WHAT YOU NEED TO DO ::
An exact, complete copy of the entries below is required, minus any pictures.

EXTRACTED INFORMATION ::
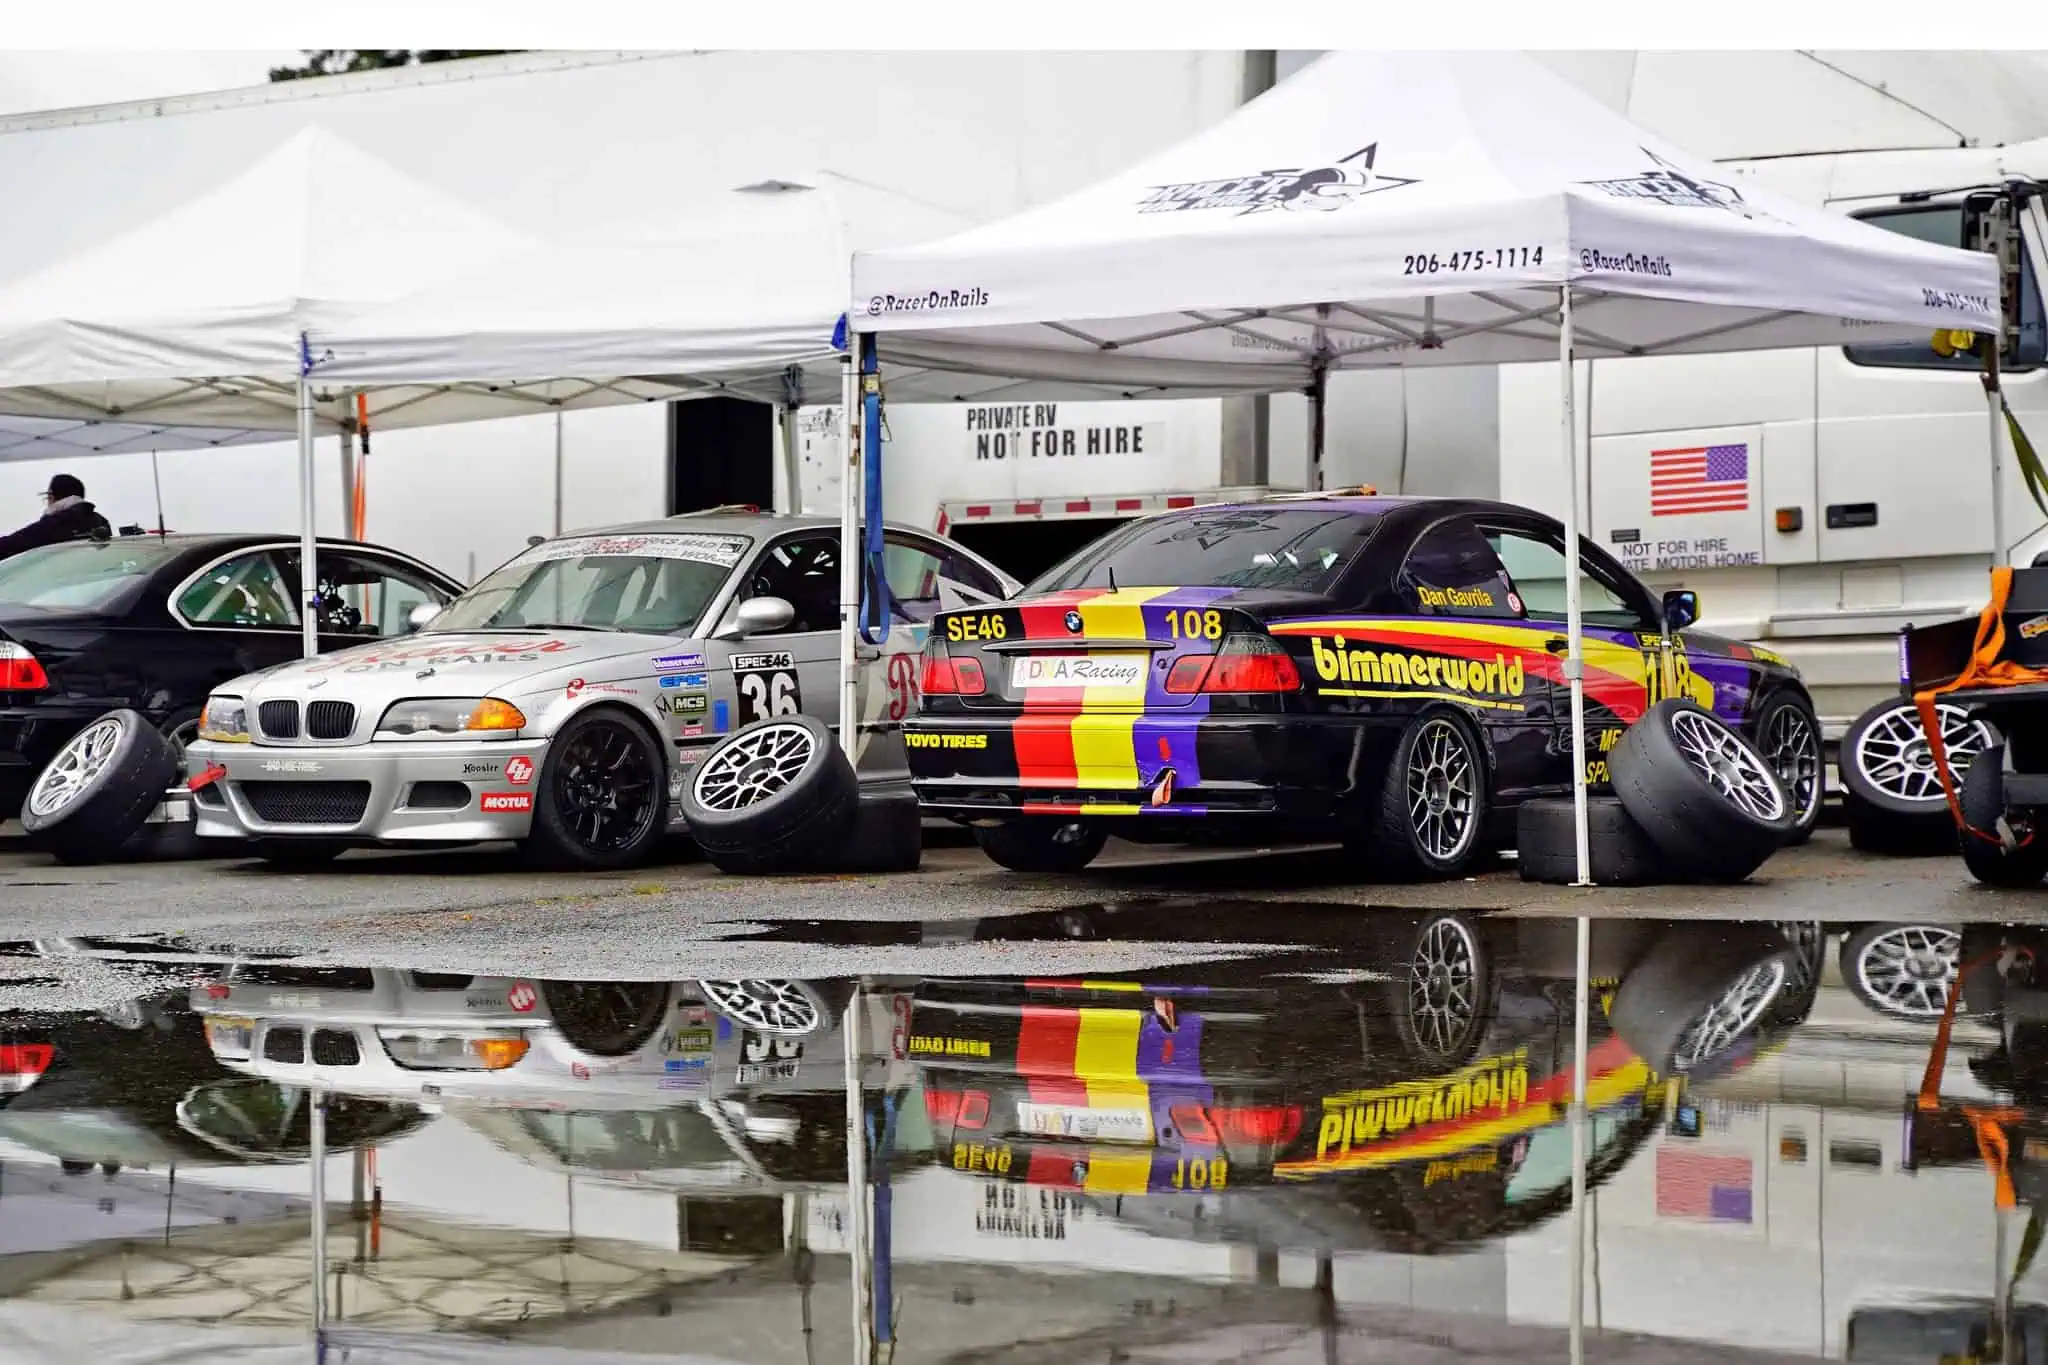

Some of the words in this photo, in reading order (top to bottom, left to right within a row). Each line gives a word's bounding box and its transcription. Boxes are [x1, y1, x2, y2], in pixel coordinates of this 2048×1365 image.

[1404, 246, 1544, 275] 206-475-1114
[1580, 249, 1672, 277] @RacerOnRails
[867, 287, 990, 316] @RacerOnRails
[967, 405, 1031, 430] PRIVATE
[1035, 403, 1057, 427] RV
[1031, 429, 1076, 457] FOR
[1087, 425, 1144, 455] HIRE
[1622, 543, 1651, 557] NOT
[1658, 540, 1689, 555] FOR
[1694, 538, 1729, 553] HIRE
[1656, 554, 1709, 570] MOTOR
[1715, 551, 1761, 568] HOME
[1416, 586, 1448, 606] Dan
[946, 614, 1007, 642] SE46
[1165, 610, 1223, 640] 108
[1071, 659, 1140, 685] Racing
[1311, 634, 1526, 697] bimmerworld
[1646, 652, 1691, 705] 18
[675, 696, 705, 709] MCS
[741, 672, 798, 721] 36
[904, 733, 941, 748] TOYO
[942, 734, 987, 749] TIRES
[484, 796, 529, 809] MOTUL

COMPLETED EXERCISE ::
Some of the words in this photo, in reading order (top to bottom, left to right within a row). Each line gives a word's bounding box and its transcription. Boxes are [x1, y1, x2, y2], in pixel coordinates of this 2048×1365 image.

[1404, 246, 1544, 275] 206-475-1114
[1580, 249, 1672, 277] @RacerOnRails
[867, 287, 990, 316] @RacerOnRails
[967, 405, 1031, 430] PRIVATE
[1035, 403, 1057, 427] RV
[1031, 429, 1076, 457] FOR
[1087, 425, 1144, 455] HIRE
[1622, 543, 1651, 557] NOT
[1658, 540, 1689, 555] FOR
[1694, 538, 1729, 553] HIRE
[1656, 554, 1709, 570] MOTOR
[1715, 551, 1761, 568] HOME
[1416, 586, 1448, 606] Dan
[946, 614, 1007, 642] SE46
[1165, 610, 1223, 640] 108
[1071, 659, 1140, 685] Racing
[1311, 634, 1526, 697] bimmerworld
[1646, 652, 1691, 705] 18
[675, 696, 705, 709] MCS
[741, 672, 798, 721] 36
[904, 733, 941, 748] TOYO
[942, 734, 987, 749] TIRES
[484, 796, 529, 809] MOTUL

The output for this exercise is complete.